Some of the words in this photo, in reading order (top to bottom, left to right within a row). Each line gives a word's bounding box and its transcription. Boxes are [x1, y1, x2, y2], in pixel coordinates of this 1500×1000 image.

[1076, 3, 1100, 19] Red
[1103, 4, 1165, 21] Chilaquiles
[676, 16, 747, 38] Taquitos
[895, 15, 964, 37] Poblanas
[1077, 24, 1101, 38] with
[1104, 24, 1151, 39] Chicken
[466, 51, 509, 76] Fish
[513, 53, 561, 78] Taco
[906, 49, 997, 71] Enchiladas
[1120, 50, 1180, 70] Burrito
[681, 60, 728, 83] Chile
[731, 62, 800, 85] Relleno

────────

> [WHAT TO PRODUCE] From the first record to the last, print each one exactly.

> [SOLUTION FOR THIS EXERCISE]
Some of the words in this photo, in reading order (top to bottom, left to right within a row). Each line gives a word's bounding box and its transcription. Boxes are [x1, y1, x2, y2], in pixel coordinates of this 1500×1000 image.

[1076, 3, 1100, 19] Red
[1103, 4, 1165, 21] Chilaquiles
[676, 16, 747, 38] Taquitos
[895, 15, 964, 37] Poblanas
[1077, 24, 1101, 38] with
[1104, 24, 1151, 39] Chicken
[466, 51, 509, 76] Fish
[513, 53, 561, 78] Taco
[906, 49, 997, 71] Enchiladas
[1120, 50, 1180, 70] Burrito
[681, 60, 728, 83] Chile
[731, 62, 800, 85] Relleno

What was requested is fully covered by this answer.